Krzysztof Kamil Baczyński was born on the 21st of January 1921 in Warsaw as the son of a teacher Stefania and the famous interwar literary critic Stefan Baczyński.
Baczyński started writing poems as a teenager. In high school, he belonged to the secret radical socialist group Spartakus as well as to the scouting movement.
In his short novels and poems, Baczyński demonstrated both romantic traditions and catastrophism. His writings depict the brutality of war and suggest that love is the only force that can effectively defend a human being against it. His first known poem was entitled Accident at work (1936).

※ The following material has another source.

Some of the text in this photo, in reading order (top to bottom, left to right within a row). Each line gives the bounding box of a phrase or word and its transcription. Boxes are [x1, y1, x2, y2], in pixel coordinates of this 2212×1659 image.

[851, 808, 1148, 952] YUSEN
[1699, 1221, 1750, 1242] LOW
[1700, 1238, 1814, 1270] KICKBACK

When WWII broke out in September 1939 following the German aggression on Poland, Baczyński had to hide his Jewish origin’s in the midst of the witch hunt organised by the Wehrmacht across the country.
In addition, it is worth mentioning that his socialist sympathies weakened following the Soviet Union’s aggression on the 17th of September 1939 and eventually cooled off after the discovery in April 1943 of the graves in Katyń.
In June 1942, Krzysztof Baczyński married a student of underground Polish studies, Barbara Drapczyńska. The latter would die just a few weeks after her husband.
In the summer of 1944, he participated as a volunteer in the Warsaw Uprising under the nickname “Jan Bugaj”. He was shot on the 4th of August, by a German sniper. Krzysztof Baczyński and his wife Barbara are both buried at the Military Cemetery in Warsaw’s Powązki cemetery.